>>
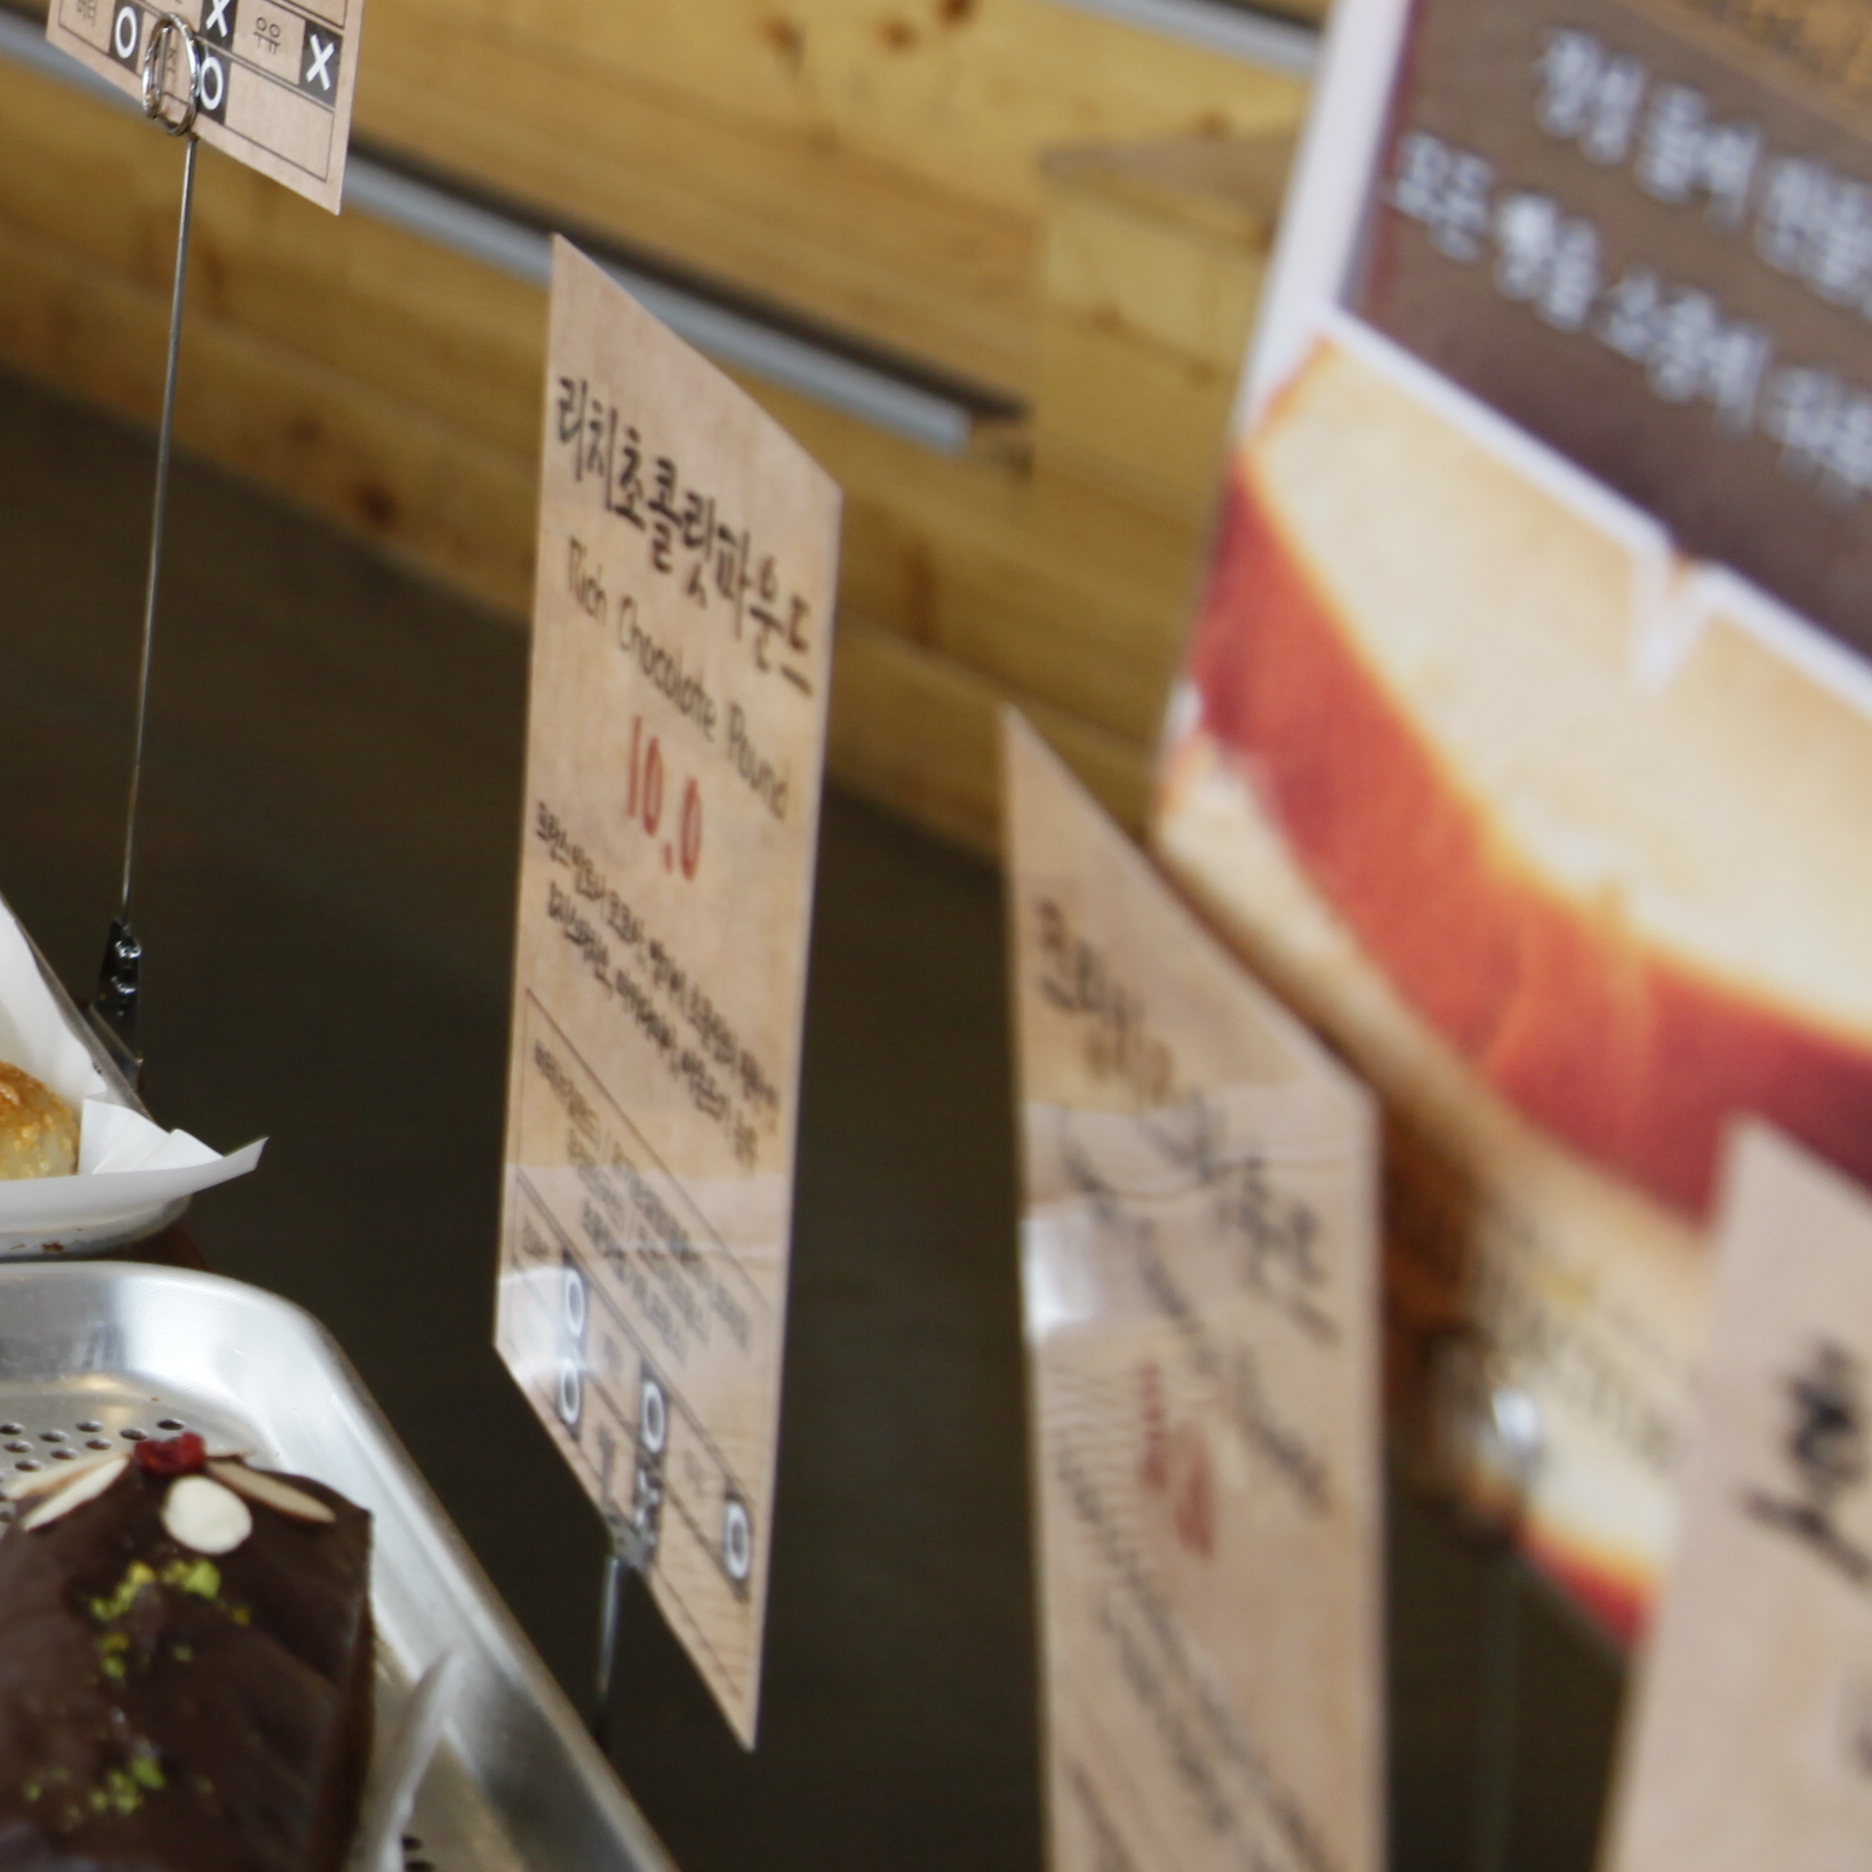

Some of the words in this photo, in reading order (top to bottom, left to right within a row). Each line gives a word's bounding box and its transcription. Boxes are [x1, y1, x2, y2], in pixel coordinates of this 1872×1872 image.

[114, 6, 138, 59] O
[253, 16, 281, 56] 우유
[200, 56, 224, 111] O
[306, 34, 335, 91] X
[557, 377, 812, 698] 리치초콜릿파운드
[567, 537, 607, 628] Rich
[618, 593, 716, 743] Chocolate
[726, 700, 788, 822] Pound
[626, 715, 702, 882] 10.0
<<
**Problem:**
Return the entries above in full and unchanged, omitting every image.

**Answer for the task:**
Some of the words in this photo, in reading order (top to bottom, left to right within a row). Each line gives a word's bounding box and its transcription. Boxes are [x1, y1, x2, y2], in pixel coordinates of this 1872×1872 image.

[114, 6, 138, 59] O
[253, 16, 281, 56] 우유
[200, 56, 224, 111] O
[306, 34, 335, 91] X
[557, 377, 812, 698] 리치초콜릿파운드
[567, 537, 607, 628] Rich
[618, 593, 716, 743] Chocolate
[726, 700, 788, 822] Pound
[626, 715, 702, 882] 10.0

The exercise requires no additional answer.